– Uważnie śledzimy doniesienia dotyczące koronawirusa oraz zalecenia WHO i Ministerstwa Zdrowia. Tak jak wiele innych globalnych koncernów, zawiesiliśmy wszystkie podróże służbowe pracowników grupy do Azji Południowo-Wschodniej – mówi Tomasz Pietrzyk, rzecznik Grupy Amica, która u tamtejszych podwykonawców zleca produkcję pod swoją marką m.in. lodówek i pralek. – Dzisiaj nie zakładamy, że mogą wystąpić problemy z dostawami towarów do Europy, ale na bieżąco przyglądamy się sytuacji. W razie możliwości wystąpienia takiego scenariusza możemy znacząco zwiększyć zapasy towarów w naszym automatycznym magazynie wysokiego składowania – dodaje Pietrzyk.

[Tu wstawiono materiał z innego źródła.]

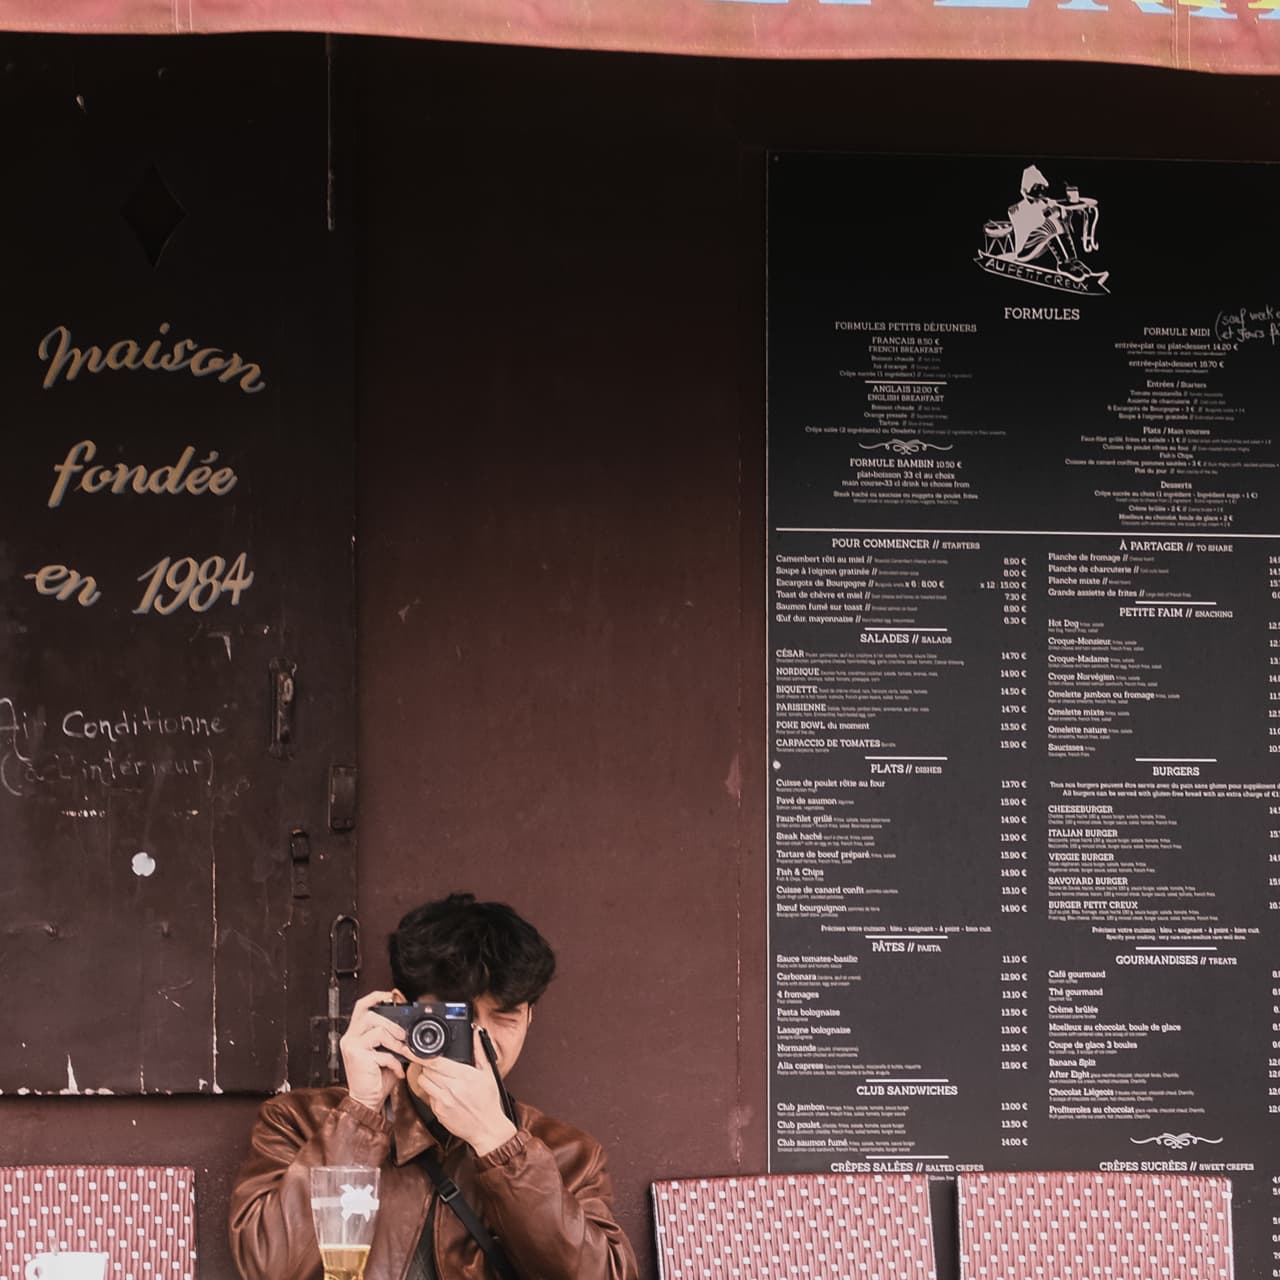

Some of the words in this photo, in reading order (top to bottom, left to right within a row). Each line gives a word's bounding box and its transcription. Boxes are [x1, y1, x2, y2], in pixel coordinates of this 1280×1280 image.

Także w innych segmentach rynku mogą się pojawić problemy. Niektórym firmom pomaga cykl roczny. – Produkcja na najbliższy sezon SS20 (z ang. spring summer 2020 – red.) została już zakończona – mówi Daria Sulgostowska, rzecznik grupy CCC. – Cała kolekcja to blisko 30 mln par obuwia. Mamy z niej w Chinach już bardzo znikomą ilość butów, która powinna zostać przygotowana do wysyłki. Niemniej monitorujemy sytuację w regionie i w razie potrzeby będziemy reagować na bieżąco. Życzymy także tamtej społeczności, aby jak najszybciej uporała się z sytuacją, która ją dotknęła – dodaje Daria Sulgostowska.
Boom na e-zakupy
W gorszej sytuacji są mniejsze polskie firmy, które towar muszą sprowadzać na bieżąco. – Na szybko nowych źródeł dostaw się nie znajdzie, tym bardziej że w podobnej sytuacji są teraz inne firmy z całego świata – mówi jeden z dystrybutorów drobnej elektroniki.

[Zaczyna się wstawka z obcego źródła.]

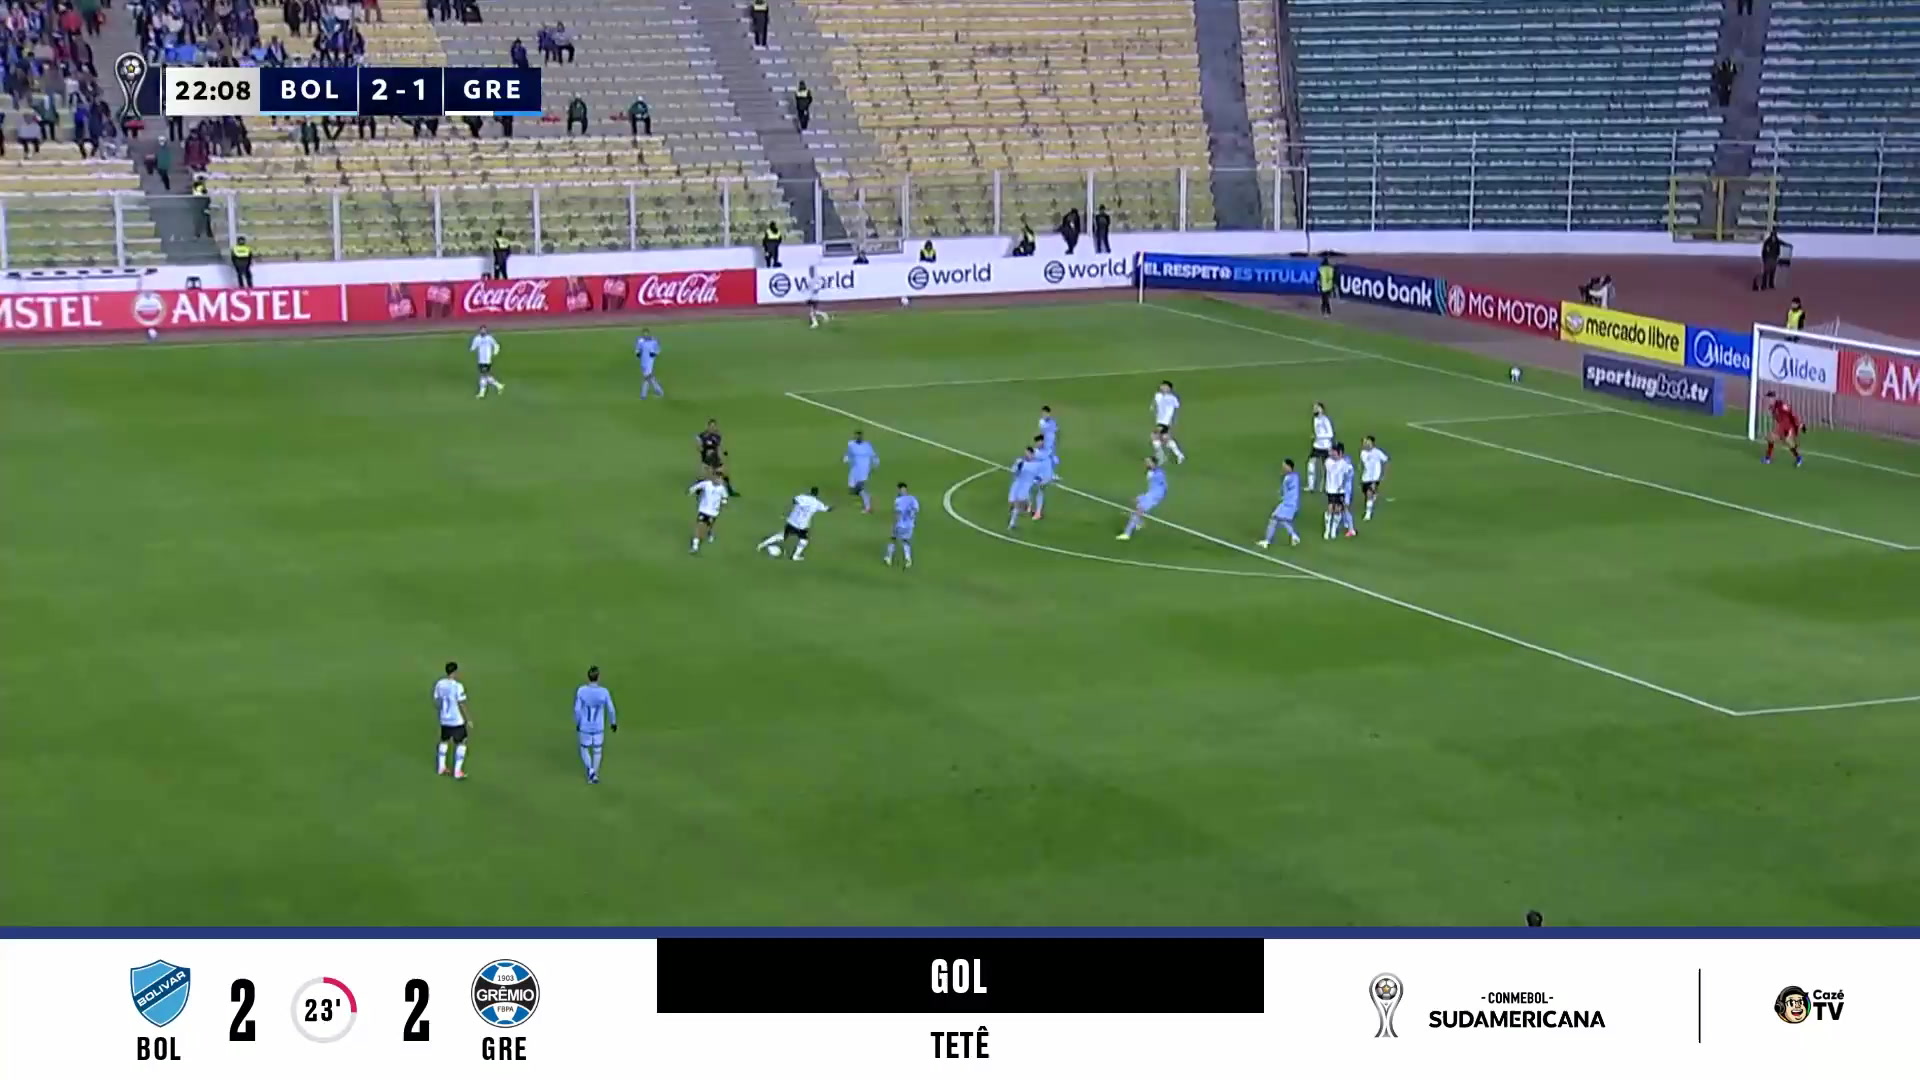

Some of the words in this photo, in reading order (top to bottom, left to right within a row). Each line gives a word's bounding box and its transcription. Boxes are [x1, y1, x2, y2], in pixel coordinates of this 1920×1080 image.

[932, 262, 992, 285] world
[1068, 257, 1126, 279] world
[1144, 262, 1161, 276] EL
[1234, 267, 1252, 281] ES
[171, 289, 311, 324] AMSTEL
[1340, 275, 1385, 299] ueno
[1387, 280, 1432, 307] bank
[1468, 290, 1494, 318] MG
[1586, 317, 1646, 345] mercado
[1648, 325, 1680, 351] libre
[1697, 335, 1750, 369] Midea
[1772, 348, 1826, 383] Midea
[1587, 366, 1709, 402] sportingbet.tv
[587, 704, 600, 722] 17

Epidemia to wyzwanie również dla firm eksportujących do ChRL, np. kosmetyki. – Jak większość firm działających na rynku chińskim, jesteśmy zaniepokojeni wybuchem epidemii koronowirusa oraz pojawiającymi się kolejnymi jego ogniskami w innych azjatyckich państwach. Z tego powodu staramy się wspierać naszych klientów na wielu płaszczyznach, m.in. poprzez dostarczenie zapasów produktów medycznych (np. masek) – mówi Jędrzej Karasek, dyrektor ds. e-commerce w Primavera Parfum, która sprzedaje kosmetyki za pośrednictwem platformy Tmall. – Chińczycy są bardzo zaradni i potrafią się dostosować do trudnych sytuacji, co wynika m.in. z szerokiego dostępu do internetu. Nie ma dla nas znaczenia, czy pracownicy Tmall pojawiają się w biurze, czy pracują w domach. Na razie nie odczuwamy na własnej skórze skutków wirusa – dodaje.

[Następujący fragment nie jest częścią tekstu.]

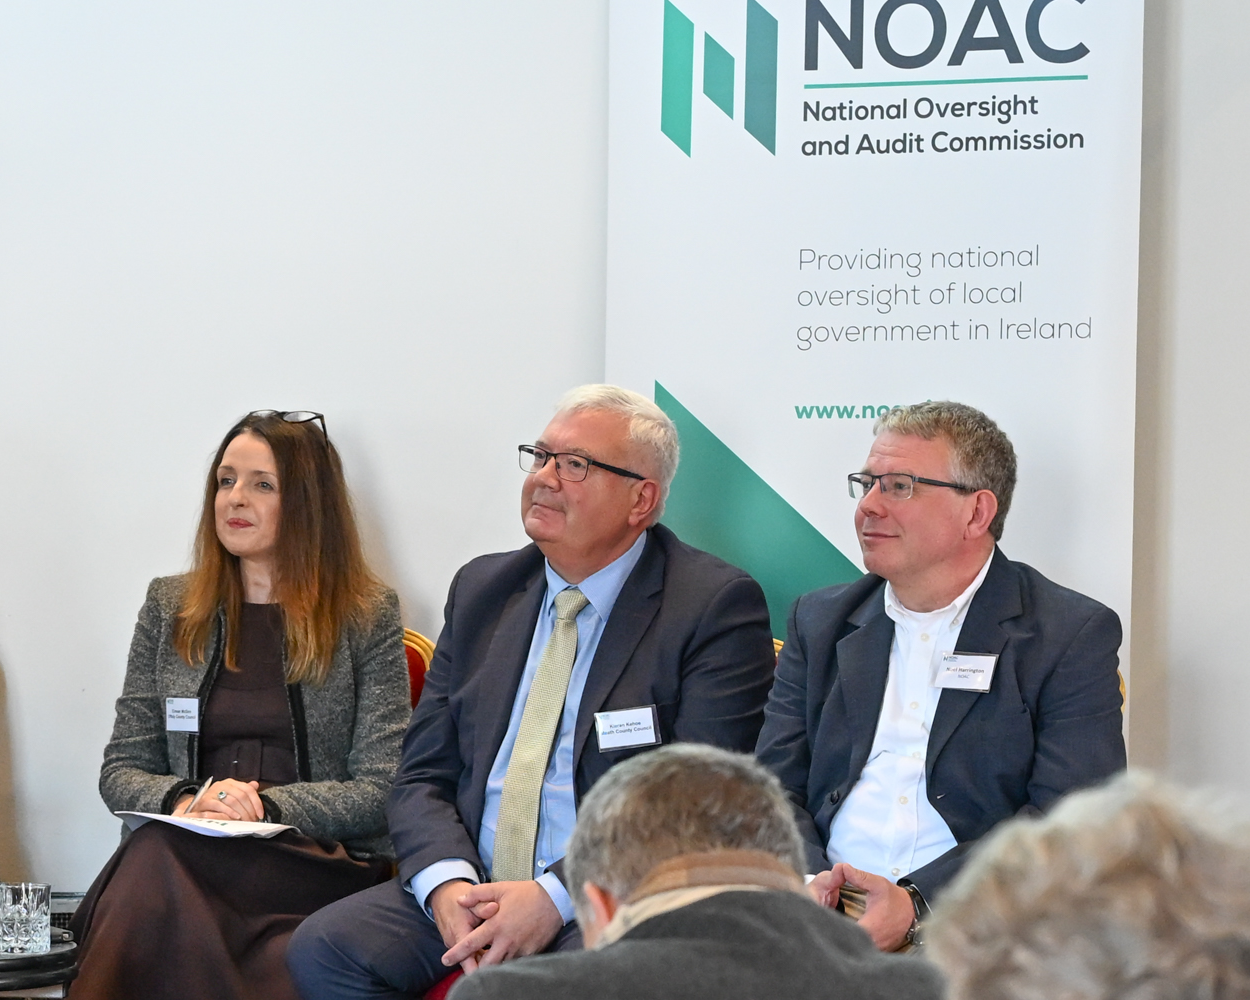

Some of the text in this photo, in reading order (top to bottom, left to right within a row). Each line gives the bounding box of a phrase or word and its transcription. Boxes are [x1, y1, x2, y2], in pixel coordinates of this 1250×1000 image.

[804, 0, 1090, 70] NOAC
[803, 95, 1039, 124] National Oversight
[801, 128, 1085, 156] and Audit Commission
[799, 245, 1039, 278] Providing national
[797, 281, 1022, 314] oversight of local
[796, 316, 1092, 351] government in Ireland
[794, 400, 932, 419] www.no

Firma chce obecną sytuację potraktować jako szansę, bo uziemieni w domach chińscy konsumenci chętniej będą robili zakupy online. Nie będzie to łatwe. – Epidemia koronowirusa rodzi wiele komplikacji logistycznych, zwłaszcza w przypadku transportu lotniczego, bo wiele lotów jest wstrzymanych, a to jest nasz główny sposób transportu – mówi Jędrzej Karasek.